*** Opening Records to use ***
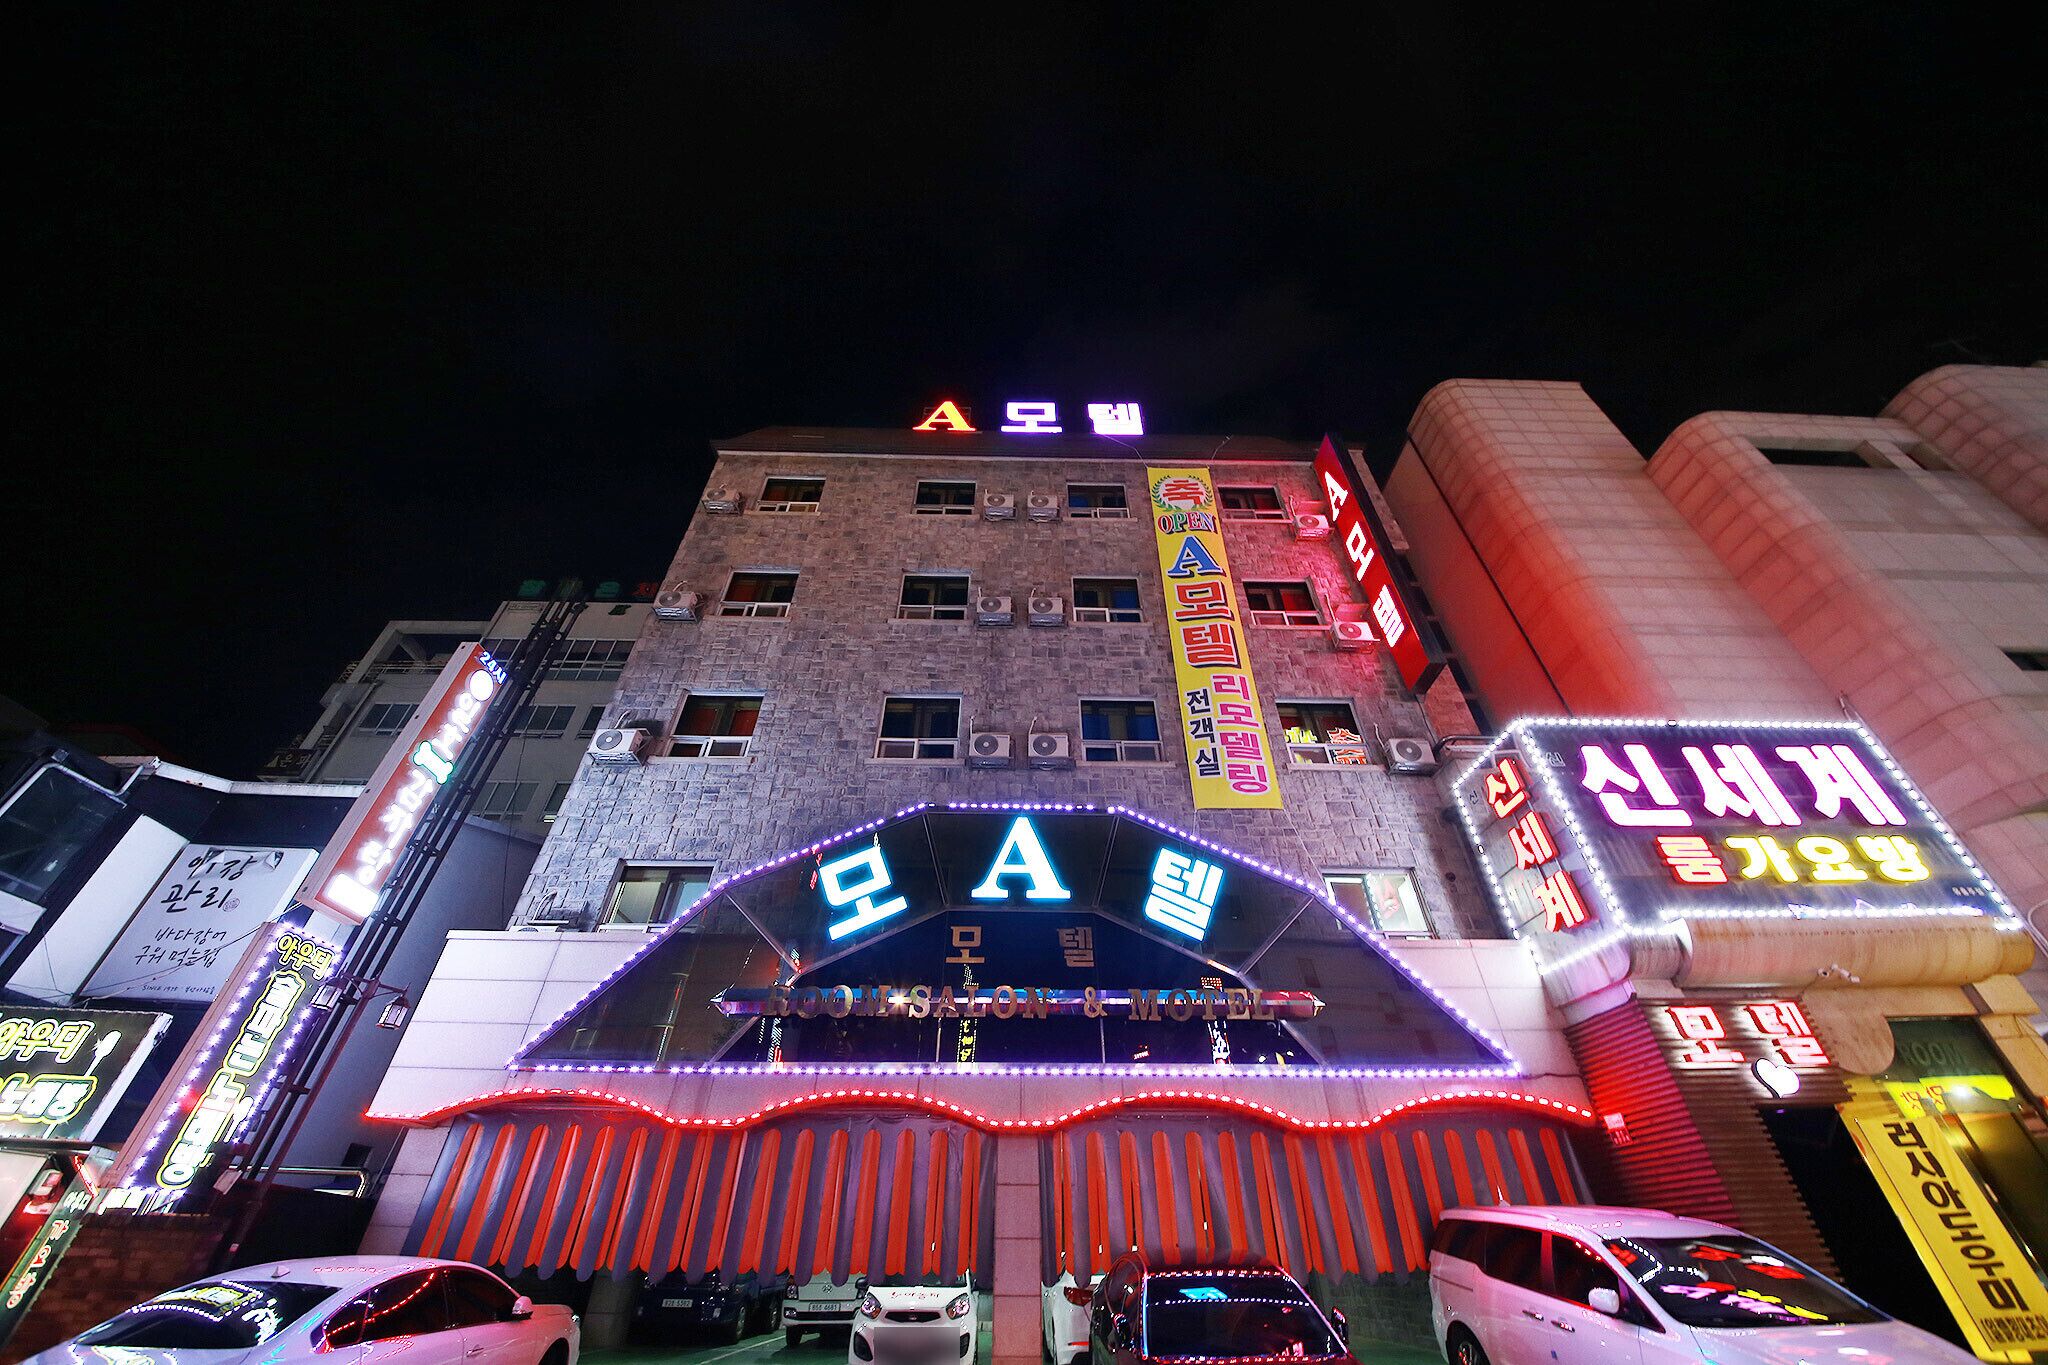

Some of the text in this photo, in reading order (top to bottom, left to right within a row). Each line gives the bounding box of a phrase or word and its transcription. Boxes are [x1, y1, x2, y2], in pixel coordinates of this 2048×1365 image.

[1162, 478, 1205, 506] 축
[1157, 511, 1219, 534] OPEN
[478, 650, 508, 685] 24시
[1185, 688, 1222, 778] 전객실
[1210, 673, 1269, 796] 리모델링
[1578, 743, 1909, 828] 신세계
[356, 768, 434, 886] 감자탕
[1485, 757, 1592, 933] 신세계
[160, 879, 234, 914] 관리
[134, 945, 167, 965] 구워
[154, 926, 227, 945] 바다장어
[277, 932, 334, 980] 아우디
[762, 984, 1275, 1021] ROOM SALON & MOTEL
[0, 1018, 95, 1063] 아우디
[1883, 1122, 2030, 1311] 러시아도우미
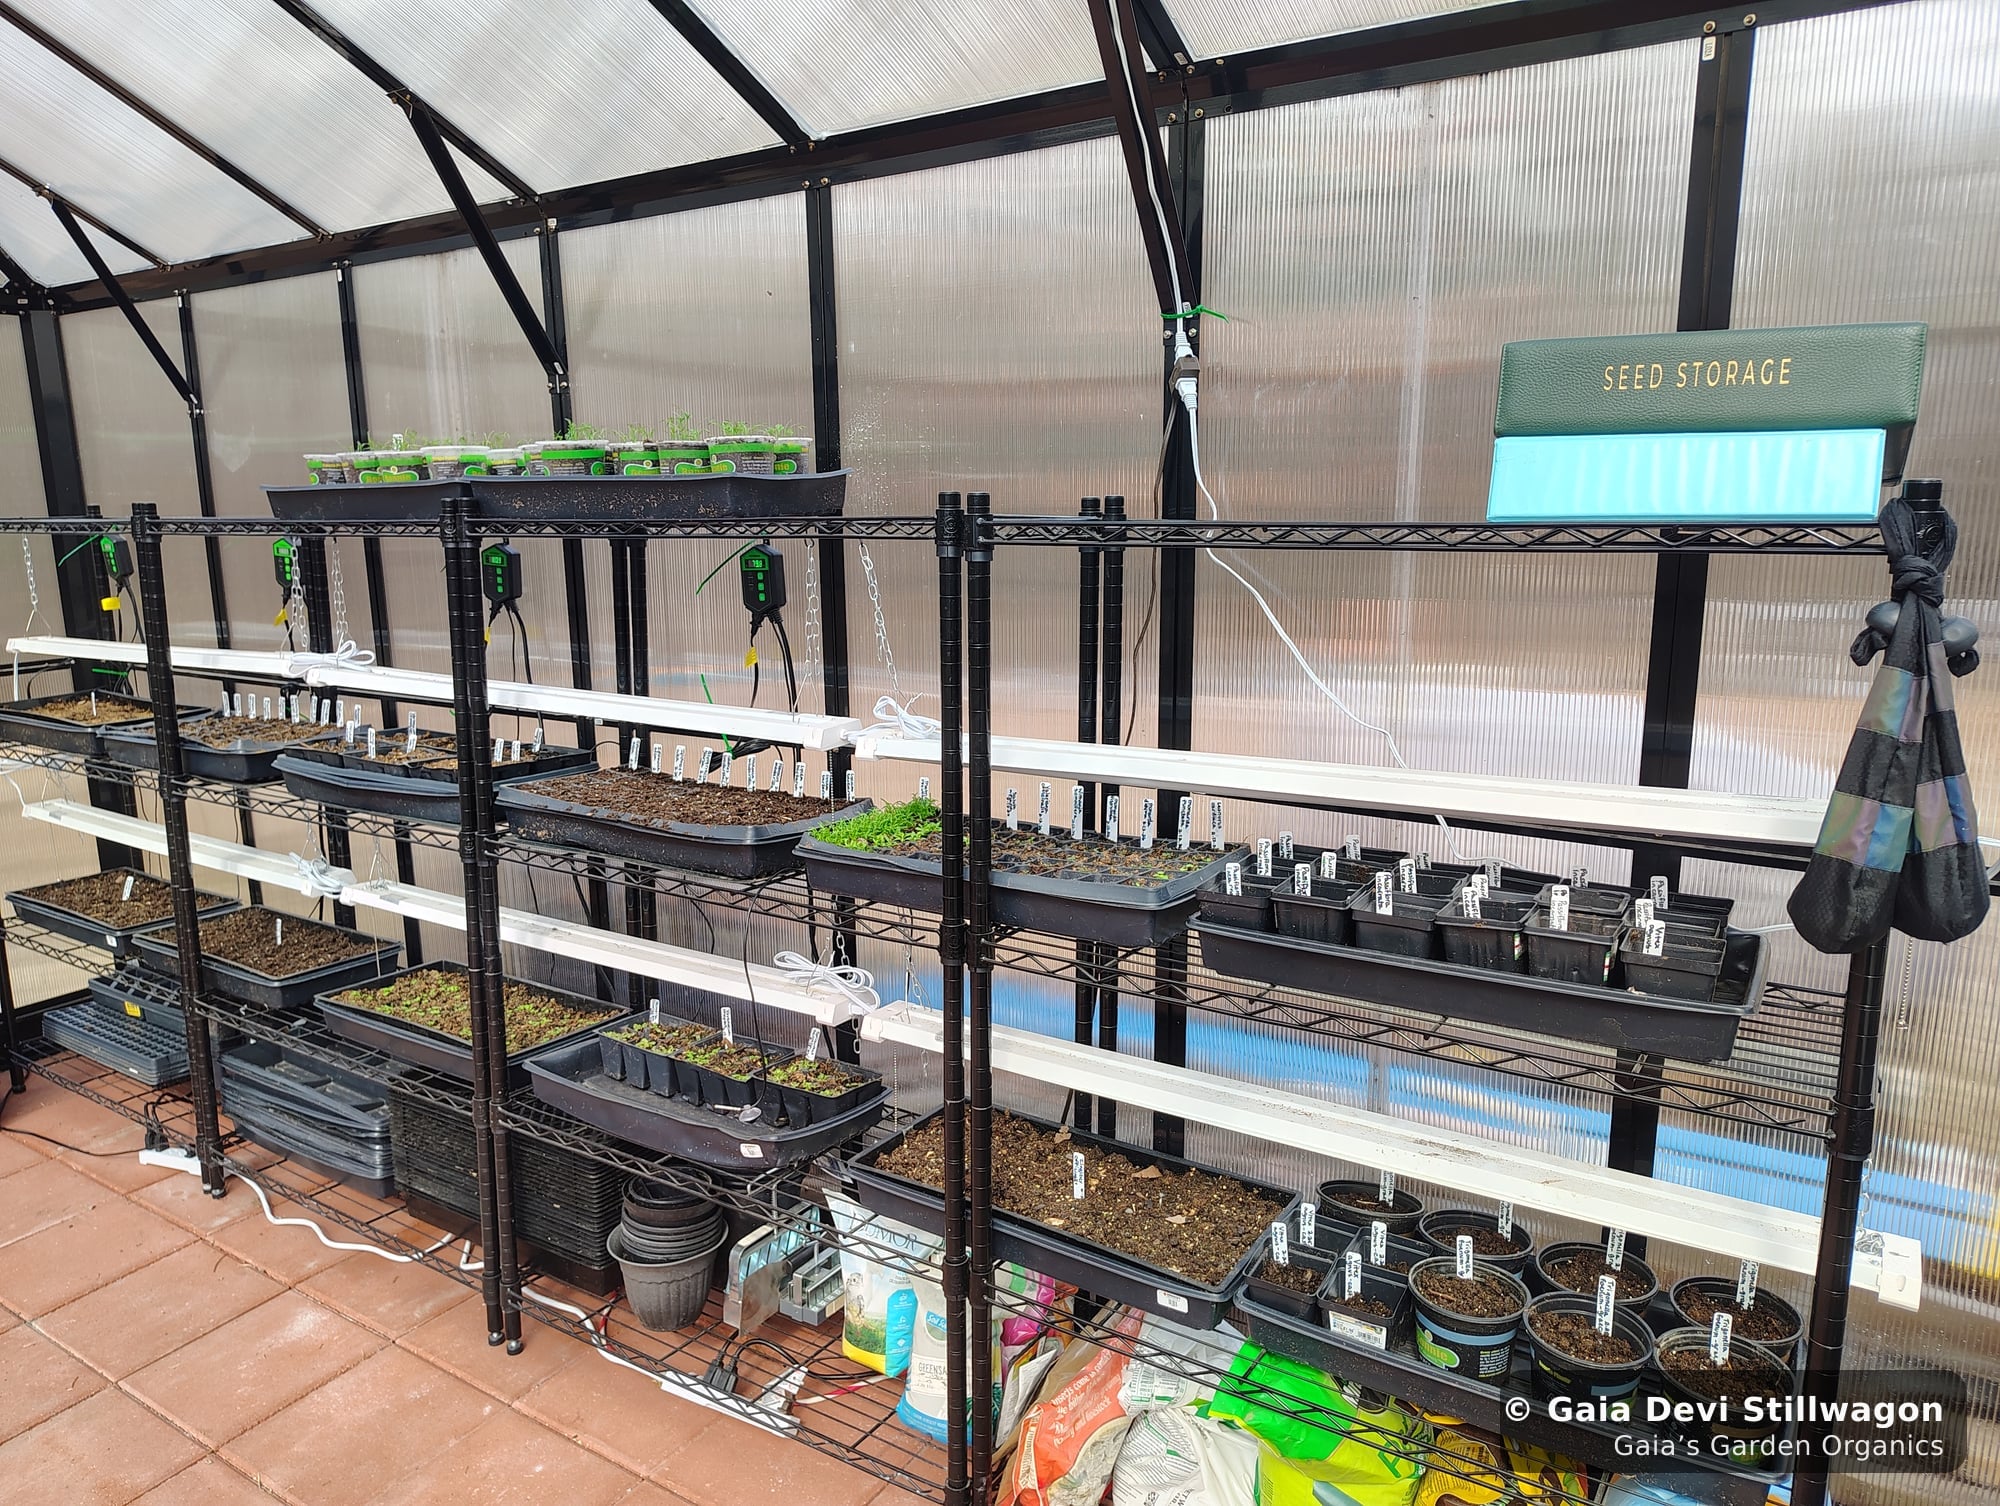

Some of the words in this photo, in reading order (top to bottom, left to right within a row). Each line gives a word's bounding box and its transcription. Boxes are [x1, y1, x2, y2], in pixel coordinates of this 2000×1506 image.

[1603, 363, 1663, 391] SEED
[1676, 357, 1792, 388] STORAGE
[918, 1362, 948, 1376] GREENSA
*** Closing Records to use ***
• _Problem_
Repeat the entries verbatim; no pictures.

• _Output for this task_
Some of the text in this photo, in reading order (top to bottom, left to right within a row). Each line gives the bounding box of a phrase or word and its transcription. Boxes are [x1, y1, x2, y2], in pixel coordinates of this 2048×1365 image.

[1162, 478, 1205, 506] 축
[1157, 511, 1219, 534] OPEN
[478, 650, 508, 685] 24시
[1185, 688, 1222, 778] 전객실
[1210, 673, 1269, 796] 리모델링
[1578, 743, 1909, 828] 신세계
[356, 768, 434, 886] 감자탕
[1485, 757, 1592, 933] 신세계
[160, 879, 234, 914] 관리
[134, 945, 167, 965] 구워
[154, 926, 227, 945] 바다장어
[277, 932, 334, 980] 아우디
[762, 984, 1275, 1021] ROOM SALON & MOTEL
[0, 1018, 95, 1063] 아우디
[1883, 1122, 2030, 1311] 러시아도우미

Some of the words in this photo, in reading order (top to bottom, left to right within a row). Each line gives a word's bounding box and its transcription. Boxes are [x1, y1, x2, y2], in pixel coordinates of this 2000×1506 image.

[1603, 363, 1663, 391] SEED
[1676, 357, 1792, 388] STORAGE
[918, 1362, 948, 1376] GREENSA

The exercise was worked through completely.